MDWFP continues sampling efforts for CWD

(Source: WLBT) (Source: WLBT)

Although deer hunting season is over, the Mississippi Department of Wildlife, Fisheries, and Parks will continue testing for Chronic Wasting Disease.

Russ Walsh, MDWFP Executive Wildlife Director, said they were notified about a hunter finding a dead deer in Issaquena County in January. MDWFP collected the deer and submitted it for testing, which later came back as positive for CWD on Feb.9.

“DNA results also indicated that deer was a local deer, a native deer. He was closely matched to deer from that area,” added Walsh. “So, we will continue our monitoring efforts to find out if other local deer have this disease.”

After receiving a positive CWD result, a ban on supplemental feeding and mineral licks was enacted in Claiborne, Hinds, Issaquena, Sharkey, Warren, and Yazoo counties.

“Both of those are in an effort to reduce the concentration of deer to possibly mitigate the spread of CWD,” said Walsh. “Also in that area, hog trapping has to be permitted through the agency. So, you can still trap hogs, you can still use bait inside of the traps but it has to permitted through the agency.”

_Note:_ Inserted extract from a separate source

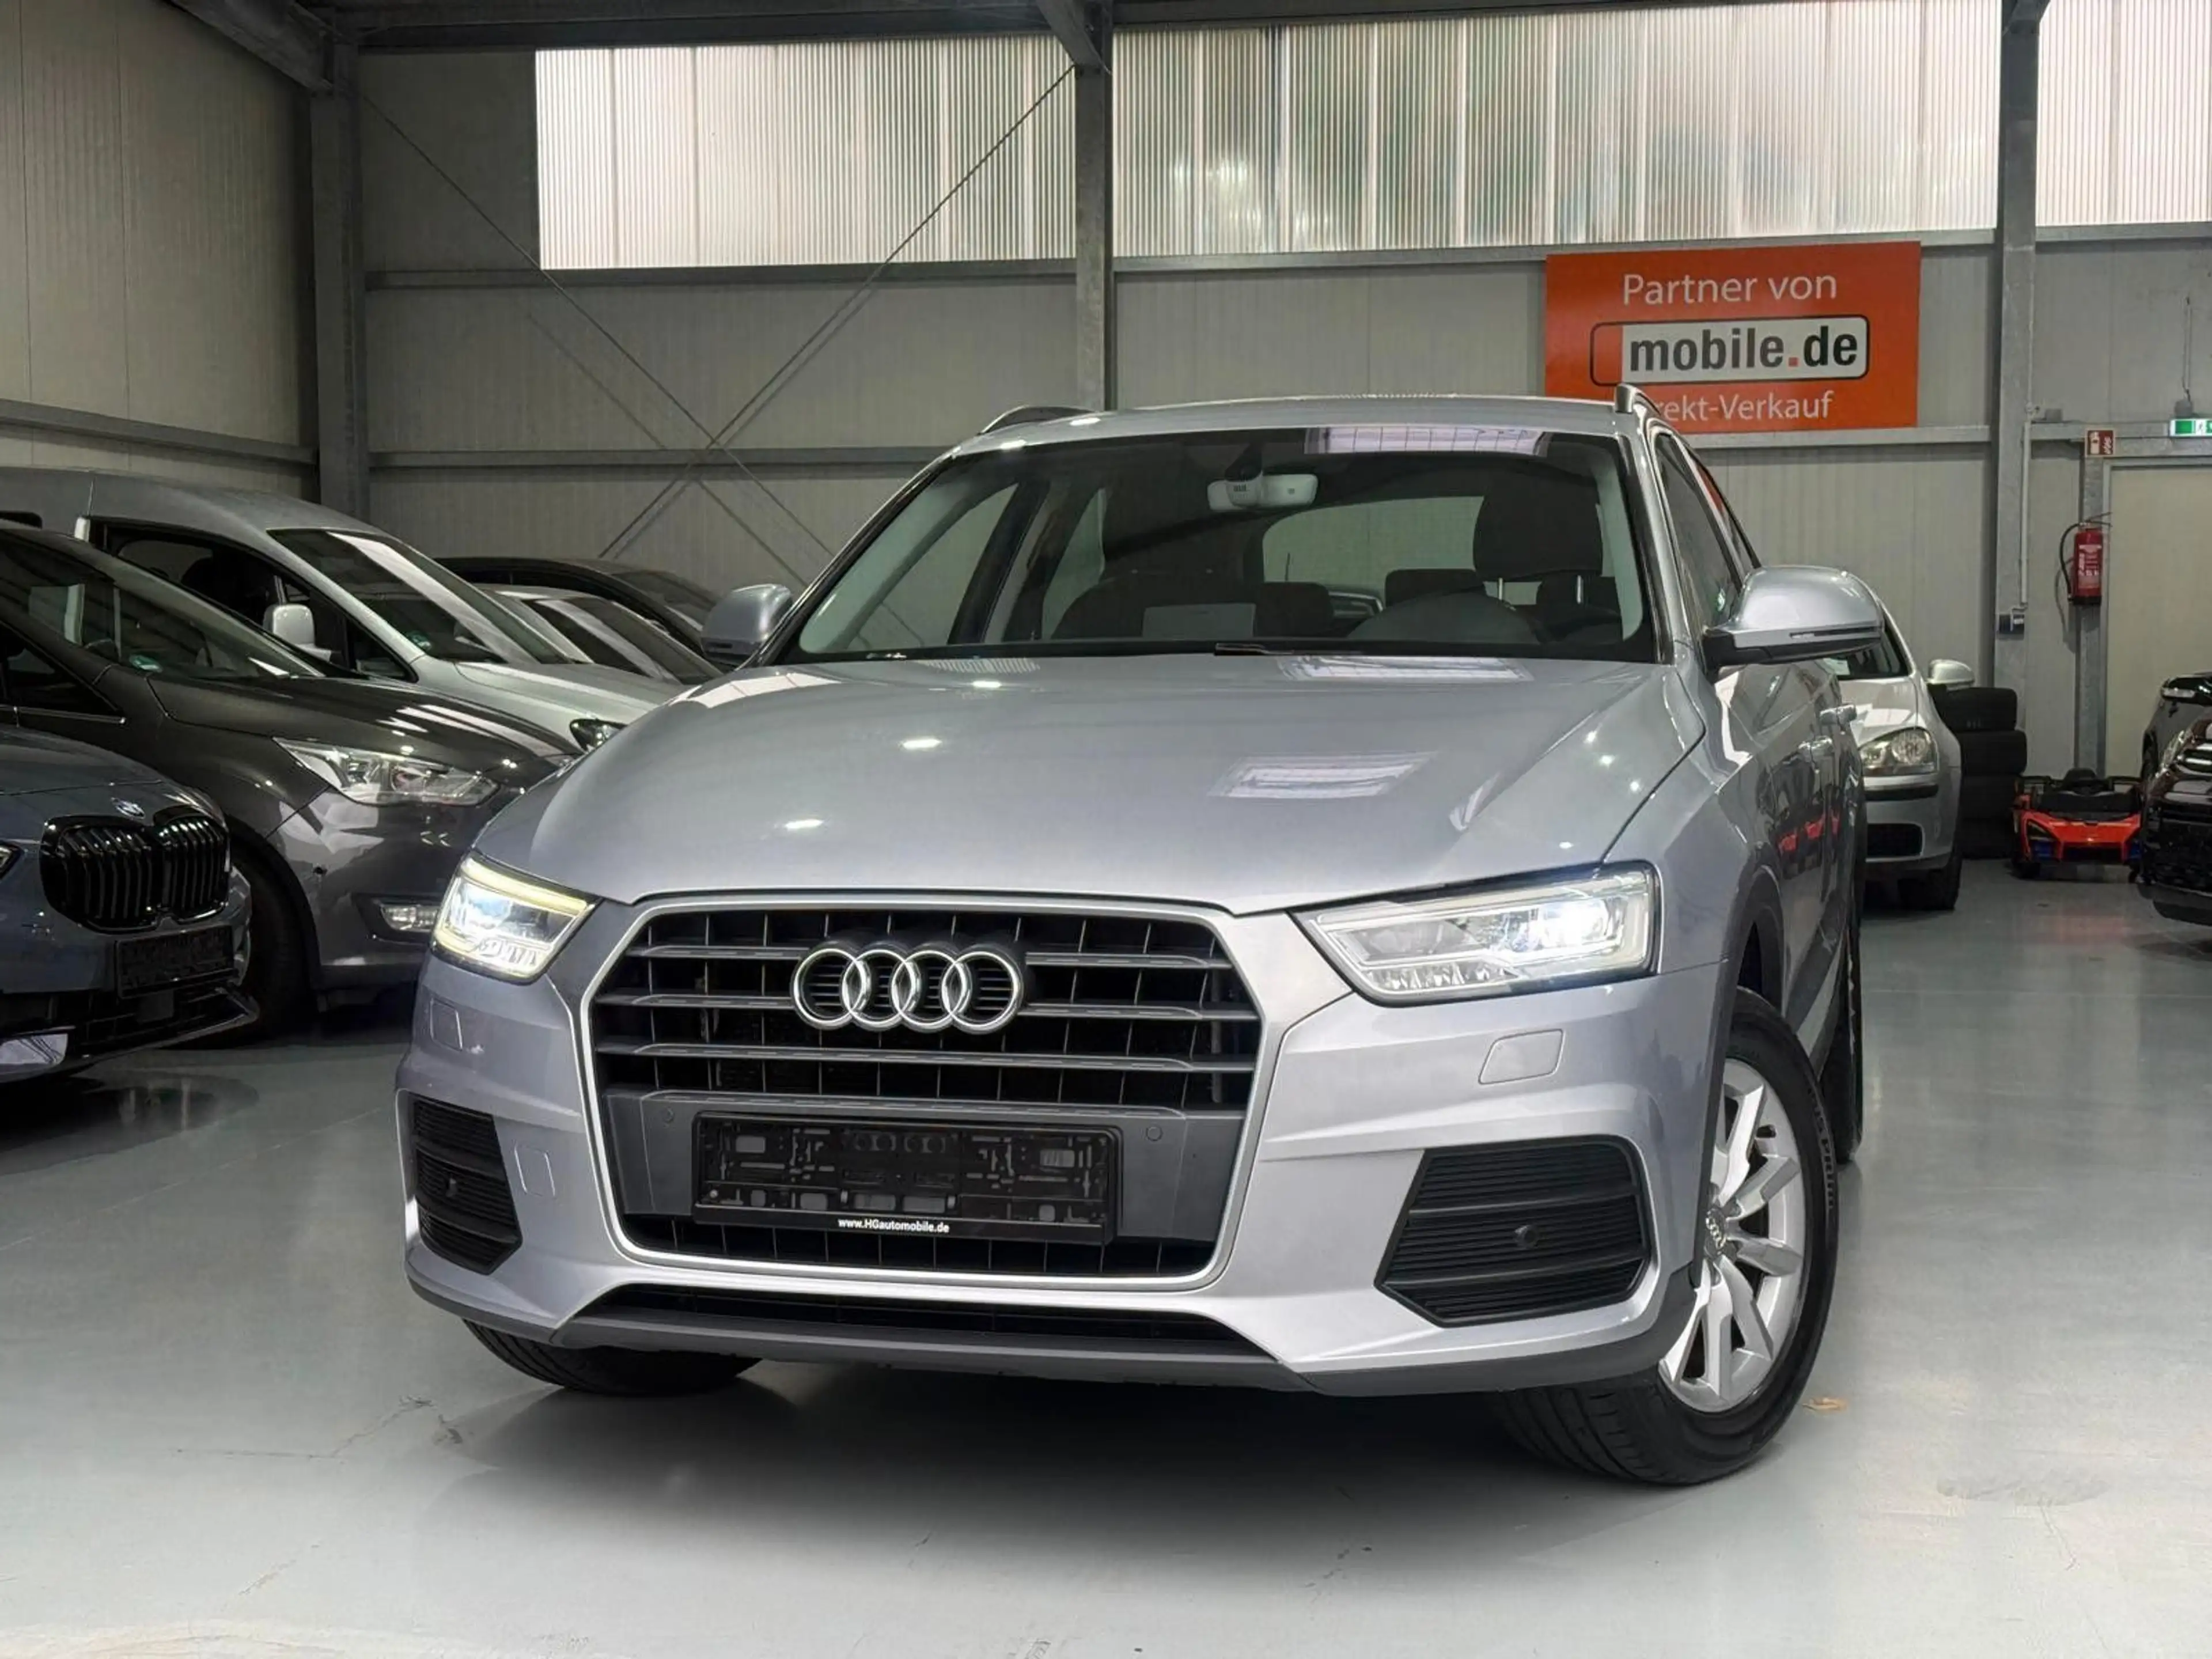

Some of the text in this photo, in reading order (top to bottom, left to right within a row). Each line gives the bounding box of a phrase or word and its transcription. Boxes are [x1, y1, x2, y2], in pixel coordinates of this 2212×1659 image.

[1623, 274, 1837, 305] Partner von
[1630, 325, 1858, 372] mobile.de
[838, 1218, 950, 1233] www.HGautomobile.de

As part of their monitoring efforts, 64 samples were taken from a 5-mile containment zone and were submitted for testing.

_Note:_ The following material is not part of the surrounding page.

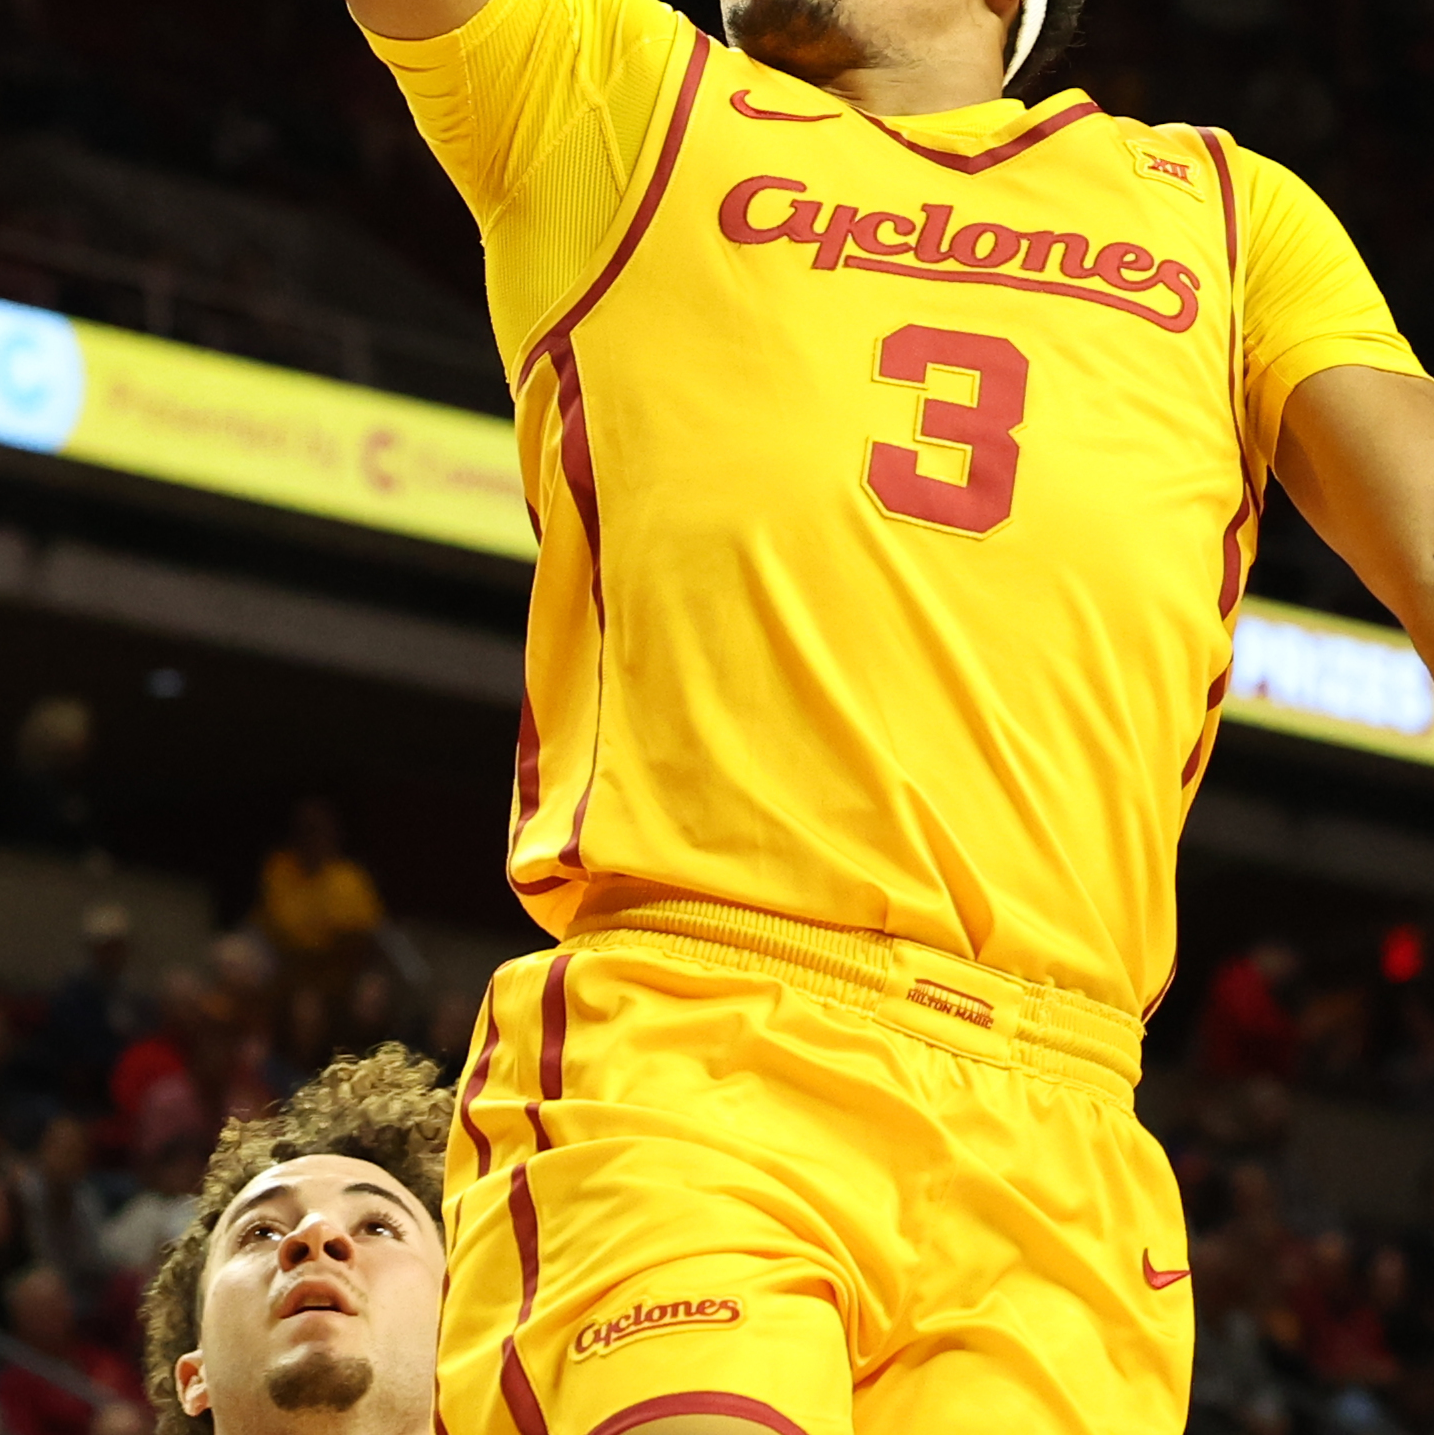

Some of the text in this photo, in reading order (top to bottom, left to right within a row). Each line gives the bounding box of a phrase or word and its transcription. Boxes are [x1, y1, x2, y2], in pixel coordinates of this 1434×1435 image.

[718, 175, 1200, 332] Cyclones
[861, 324, 1029, 540] 3
[906, 989, 994, 1030] HILTON MAGIC
[574, 1298, 741, 1353] Cyclones

“The results that we have received from the tests have not detected Chronic Wasting Disease, but we’ll have to continue our monitoring, continue our sampling again so that we can better understand the possible extent or prevalence of this disease in that area,” said Walsh.

Walsh said MDWFP’s continuous monitoring efforts will include samples come from deer, roadkill, hunter-harvested samples during future hunting seasons, as well as diseased deer that are reported to MDWFP.

Walsh said the supplemental feeding ban is still in place in the 6 counties and he suggested hunters follow recommendations from the Mississippi Department of Health, advising people to not consume deer harvested from that area.

“The science thus far has not demonstrated that Chronic Wasting Disease can be transmitted to humans but we also don’t know that it can’t be transmitted to humans,” added Walsh. “Their recommendation was the meat not be consumed if harvested within the 25-mile zone.”

Todd Sarotte, store manager at Van’s Deer Processing in Brandon said some of his customers have been concerned about CWD and if their meat is being processed with meat from other customers.

“We always keep each individual customer's order separate from everybody else’s,” said Sarotte said. “From when it comes in, it’s put in a tub and labeled and as it goes through the whole process; being made into sausage, it’s all kept separate and bagged. That way each individual gets back their own meat."